В Союзе художников (ЛОСХ, на улице Герцена) произошли основные события. Там в этот вечер по плану должны были состояться обсуждения осенней выставки и экспонировалась выставка какого-то художника в связи с его 90-летием или чем-то в этом роде. Художника и осенней выставки никто из демонстрирующей молодежи не знал да и знать не хотел. До того, как туда явилась молодежь, зал пустовал, были разве лишь родственники юбиляра да скучал президиум. И вдруг - валом народ. Председатель расцвел - пользуется-таки искусство популярностью, - охотно стал давать слово желающим. Но выступавшие почему-то все, словно сговорившись, ораторствали об ином, а не о картинах чествуемого художника и не о выставке. Кажется, единственно, кто упомянул об этих картинах, была студентка консерватории Красовская, которая в их адрес выразилась: «Изобразить задний двор - это еще не значит совершить революцию в искусстве». Ей картины понадобились как трамплин, дабы потребовать «свободного искусства» и провозгласить, что «у нас сейчас аракчеевский режим» (сведения разноречивые, сказала ли она «в искусстве» или «в стране»), в связи с тем, что негде высказываться о Пикассо. Разумеется, ей бурно аплодировали. В зале царило ликование.

Кроме выступления Красовской запомнилось еще: некто лысый бубнил: «Соцреализм - это родная березка на холме». Некий пенсионер, бывший милиционер (профессия известна потому, что председатель каждого оратора спрашивал фамилию и профессию), горячо разъяснял: «Кукуруза вполне может стать достойным объектом искусства. Художники обязаны показать, как она растет в полную мощь в одном колхозе, где ее любят и лелеют, и как она гниет в другом, где не понимают важности разведения кукурузы.» Уже не на тему выставки непосредственно перед Красовской говорил студент филфака Алексеев (тот, что позже вместе с женой попал на 10 лет за попытку перехода границы в Иран). У него зазвучали слова: «наше эстетическое отставание», «40 лет рабства мысли», «оторванность от мирового искусства». Насколько я вспоминаю, нашими делалась запись хода выступлений, но ее дальнейшая судьба мне неизвестна. О какой-то записи мне что-то упоминал капитан Правдин на следствии, но так глухо, что я забыл, была ли она у ГБ или ГБ искало ее.
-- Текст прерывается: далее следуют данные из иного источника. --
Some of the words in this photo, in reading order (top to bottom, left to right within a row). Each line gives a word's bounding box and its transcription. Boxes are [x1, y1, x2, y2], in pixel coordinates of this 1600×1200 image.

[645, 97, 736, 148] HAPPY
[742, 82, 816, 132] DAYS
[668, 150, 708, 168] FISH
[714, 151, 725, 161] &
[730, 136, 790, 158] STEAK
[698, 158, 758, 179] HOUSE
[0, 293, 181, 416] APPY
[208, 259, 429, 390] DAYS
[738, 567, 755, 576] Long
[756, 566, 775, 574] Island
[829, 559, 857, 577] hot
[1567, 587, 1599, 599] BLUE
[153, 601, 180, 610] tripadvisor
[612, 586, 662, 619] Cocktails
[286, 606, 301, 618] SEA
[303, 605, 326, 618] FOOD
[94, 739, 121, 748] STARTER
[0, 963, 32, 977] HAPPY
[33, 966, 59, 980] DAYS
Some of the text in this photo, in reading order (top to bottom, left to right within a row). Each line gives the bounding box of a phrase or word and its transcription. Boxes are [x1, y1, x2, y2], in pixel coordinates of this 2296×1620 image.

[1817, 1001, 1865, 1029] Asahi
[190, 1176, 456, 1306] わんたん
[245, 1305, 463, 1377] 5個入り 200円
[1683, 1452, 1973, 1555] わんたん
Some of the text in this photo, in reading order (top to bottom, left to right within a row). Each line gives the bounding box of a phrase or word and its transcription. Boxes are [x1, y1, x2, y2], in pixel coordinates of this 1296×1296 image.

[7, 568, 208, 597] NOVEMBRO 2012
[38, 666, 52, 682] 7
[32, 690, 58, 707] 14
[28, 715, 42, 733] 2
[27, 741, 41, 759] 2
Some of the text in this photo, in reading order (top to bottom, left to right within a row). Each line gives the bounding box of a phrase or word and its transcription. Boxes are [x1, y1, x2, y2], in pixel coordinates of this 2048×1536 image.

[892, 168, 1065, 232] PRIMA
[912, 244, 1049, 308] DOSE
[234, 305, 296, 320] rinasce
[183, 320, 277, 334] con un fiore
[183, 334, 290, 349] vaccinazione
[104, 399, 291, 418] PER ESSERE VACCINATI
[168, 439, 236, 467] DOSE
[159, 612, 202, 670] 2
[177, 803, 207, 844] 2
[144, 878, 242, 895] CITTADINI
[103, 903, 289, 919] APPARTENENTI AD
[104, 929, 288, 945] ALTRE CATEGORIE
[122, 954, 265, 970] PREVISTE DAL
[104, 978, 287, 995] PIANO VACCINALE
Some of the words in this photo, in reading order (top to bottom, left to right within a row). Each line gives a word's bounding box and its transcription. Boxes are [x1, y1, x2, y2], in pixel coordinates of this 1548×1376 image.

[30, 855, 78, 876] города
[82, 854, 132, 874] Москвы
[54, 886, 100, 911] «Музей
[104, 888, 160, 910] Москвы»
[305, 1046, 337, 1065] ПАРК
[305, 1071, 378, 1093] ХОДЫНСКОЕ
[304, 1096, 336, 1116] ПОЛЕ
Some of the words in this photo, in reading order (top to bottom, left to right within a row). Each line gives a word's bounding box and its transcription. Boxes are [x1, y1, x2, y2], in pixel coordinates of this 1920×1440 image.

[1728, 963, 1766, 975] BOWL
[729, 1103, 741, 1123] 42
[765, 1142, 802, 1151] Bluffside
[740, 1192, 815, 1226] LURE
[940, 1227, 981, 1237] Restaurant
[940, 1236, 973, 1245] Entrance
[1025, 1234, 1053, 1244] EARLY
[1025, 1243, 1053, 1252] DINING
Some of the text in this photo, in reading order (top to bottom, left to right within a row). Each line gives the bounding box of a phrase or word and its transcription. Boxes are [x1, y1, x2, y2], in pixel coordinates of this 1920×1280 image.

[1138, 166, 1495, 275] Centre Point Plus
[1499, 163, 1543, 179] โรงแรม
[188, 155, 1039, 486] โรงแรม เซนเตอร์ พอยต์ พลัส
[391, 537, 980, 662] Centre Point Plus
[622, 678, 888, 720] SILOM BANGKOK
Юлия Красовская была арестована на следующий день. Ее продержали в тюрьме те 12 рабочих дней, в течение которых можно держать в тюрьме человека без предъявления обвинения, а затем выпустили. Говорили, что ей потом пришлось уехать из Ленинграда. Впрочем, позже она стала кандидатом искусствоведения, публиковалась в шестидесятые и семидесятые годы, много о сказителях Печоры. Насколько мне известно, участие в событиях, связанных с обсуждением Пикассо, никому не инкриминировалось, а наши адвокаты так прямо-таки ухватились за эти события, ища объясняюще-защищающие нас обстоятельства. Гидони был осужден за другое - на два года, потом в лагере схватил дополнительный срок, потом стал писать - как рассказывают - доносы на товарищей по заключению, освободился, печатался в советских журналах, эмигрировал, написал там мемуары. Стал кандидатом исторических наук. Был главным свидетелем обвинения на процессе Огурцова - Вагина в ноябре 1967 - феврале 1968 года. И во время следствия по делу Квачевского он давал показания, имевшие целью отягчить судьбу одного из арестованных: Николая Данилова.

Цит по: События на площади Искусств // «Воспоминания о ГУЛАГе» Пименов Р.И.